**EXERCISE REQUIREMENTS:** Restate word for word every entry that appears below, skipping its pictures.

== MATERIAL PROVIDED

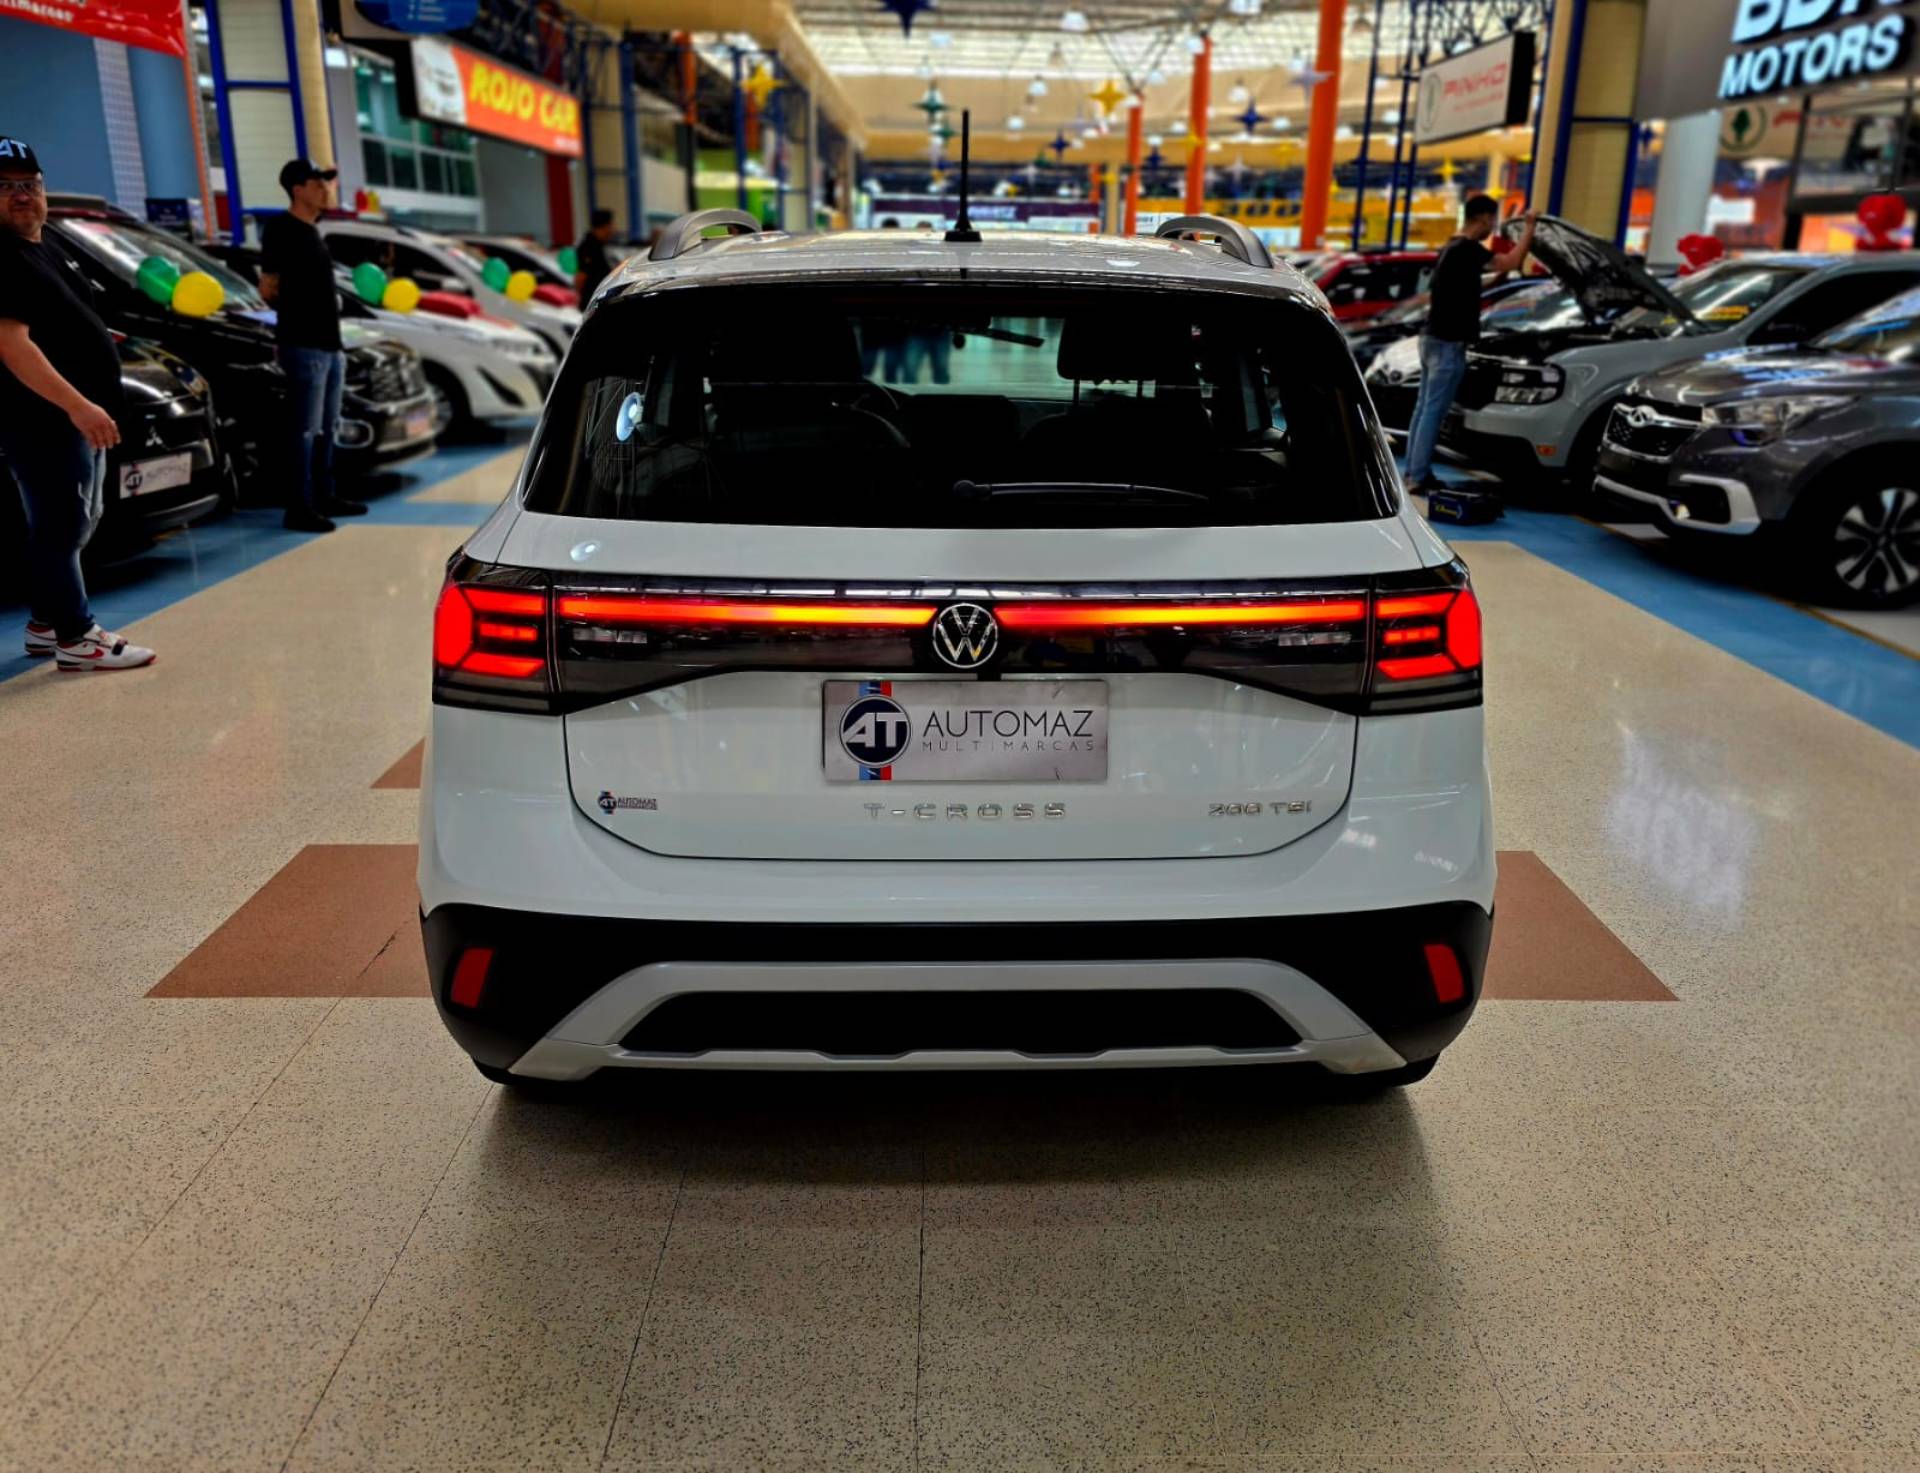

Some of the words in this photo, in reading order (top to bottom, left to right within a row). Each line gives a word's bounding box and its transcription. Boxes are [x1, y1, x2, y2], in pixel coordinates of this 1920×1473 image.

[1718, 13, 1905, 99] MOTORS
[469, 61, 536, 121] ROJO
[539, 91, 578, 137] CAR
[842, 712, 907, 748] AT
[923, 710, 1094, 738] AUTOMAZ
[863, 803, 1066, 819] T-CROSS
[1208, 802, 1262, 817] 200
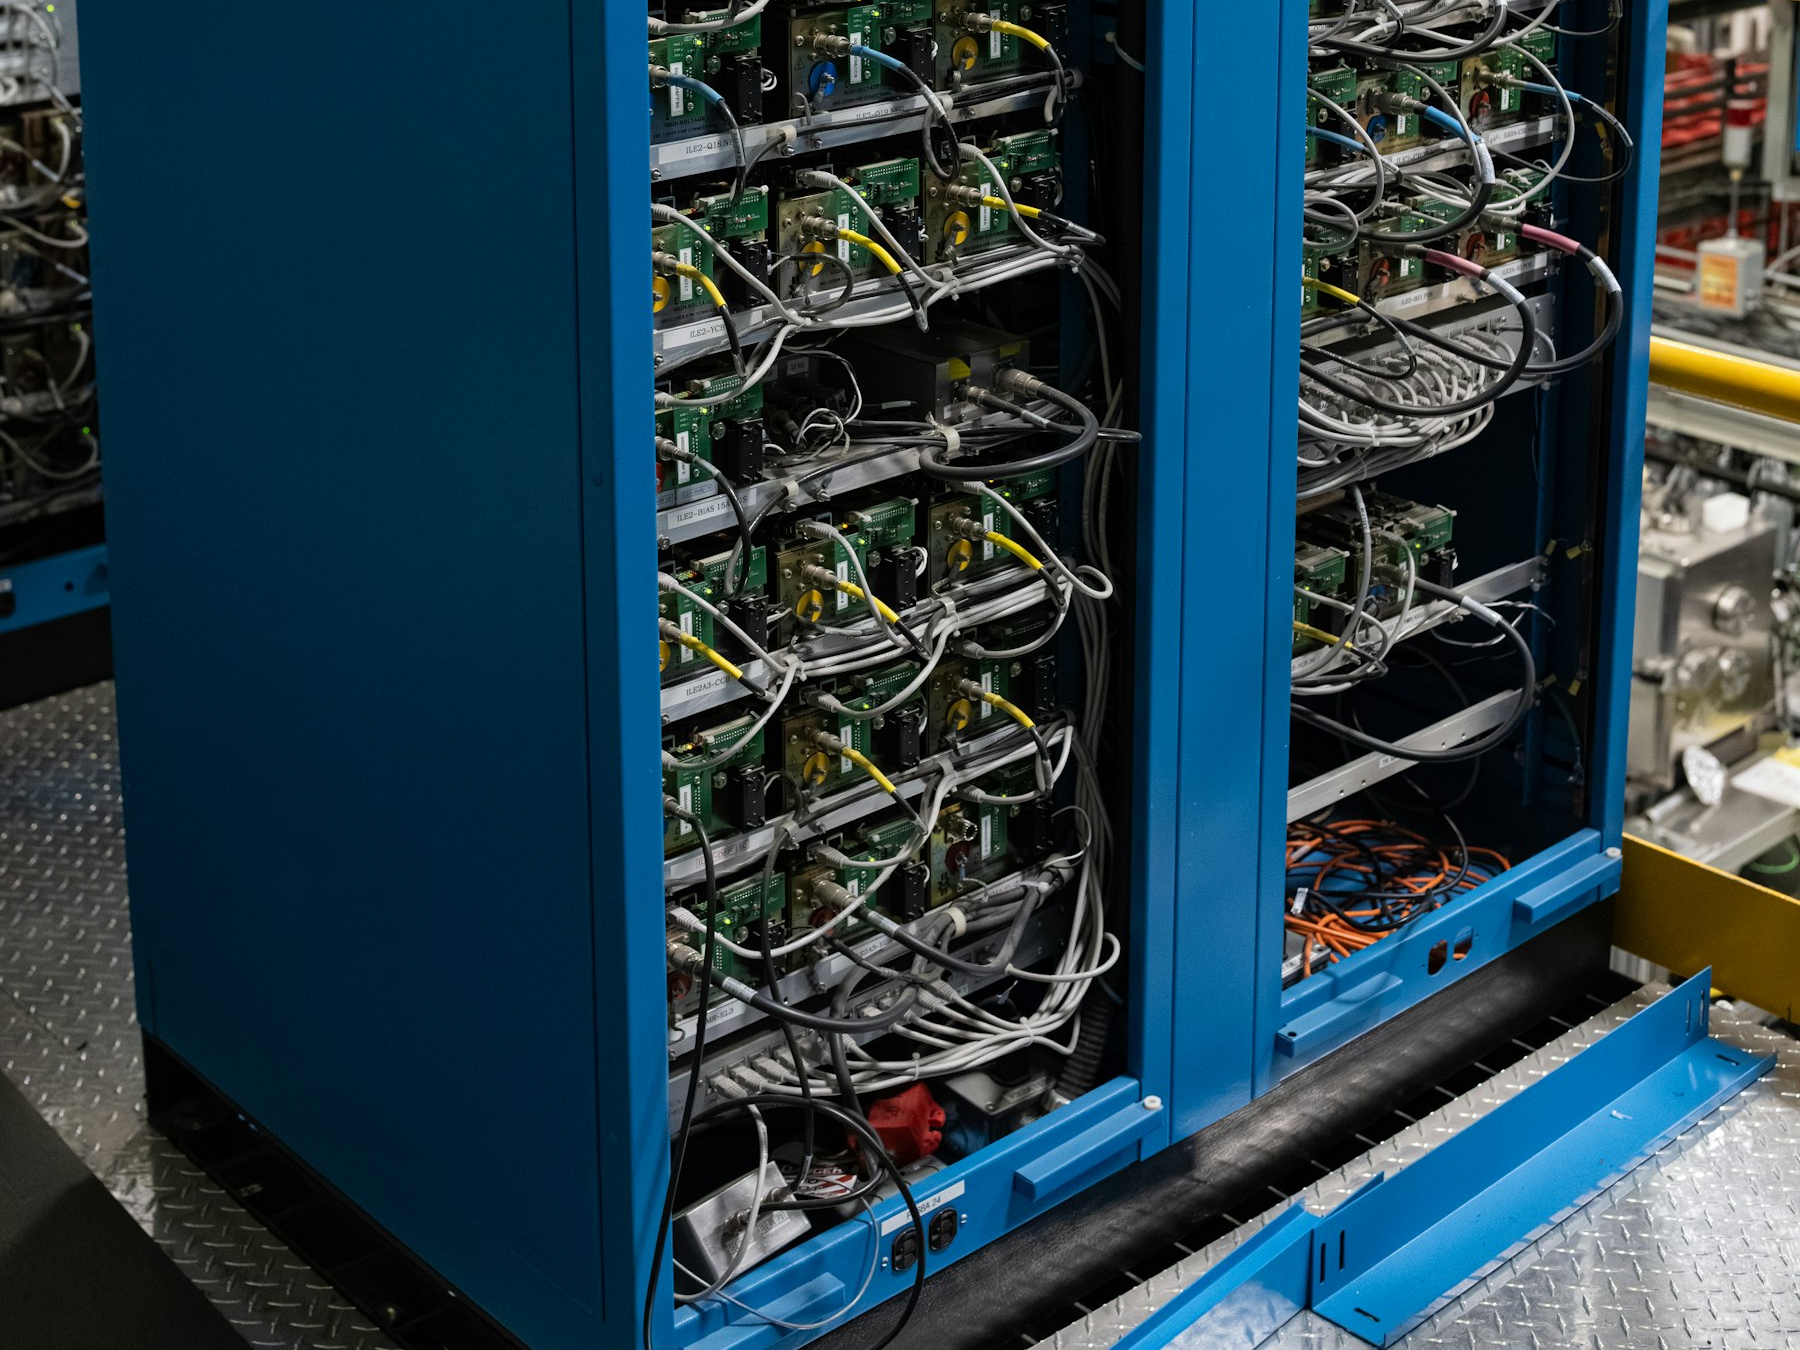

====

**RESPONSE TO THE TASK:**
Some of the words in this photo, in reading order (top to bottom, left to right within a row). Each line gives a word's bounding box and its transcription. Boxes are [x1, y1, x2, y2], in pixel coordinates of this 1920×1473 image.

[1718, 13, 1905, 99] MOTORS
[469, 61, 536, 121] ROJO
[539, 91, 578, 137] CAR
[842, 712, 907, 748] AT
[923, 710, 1094, 738] AUTOMAZ
[863, 803, 1066, 819] T-CROSS
[1208, 802, 1262, 817] 200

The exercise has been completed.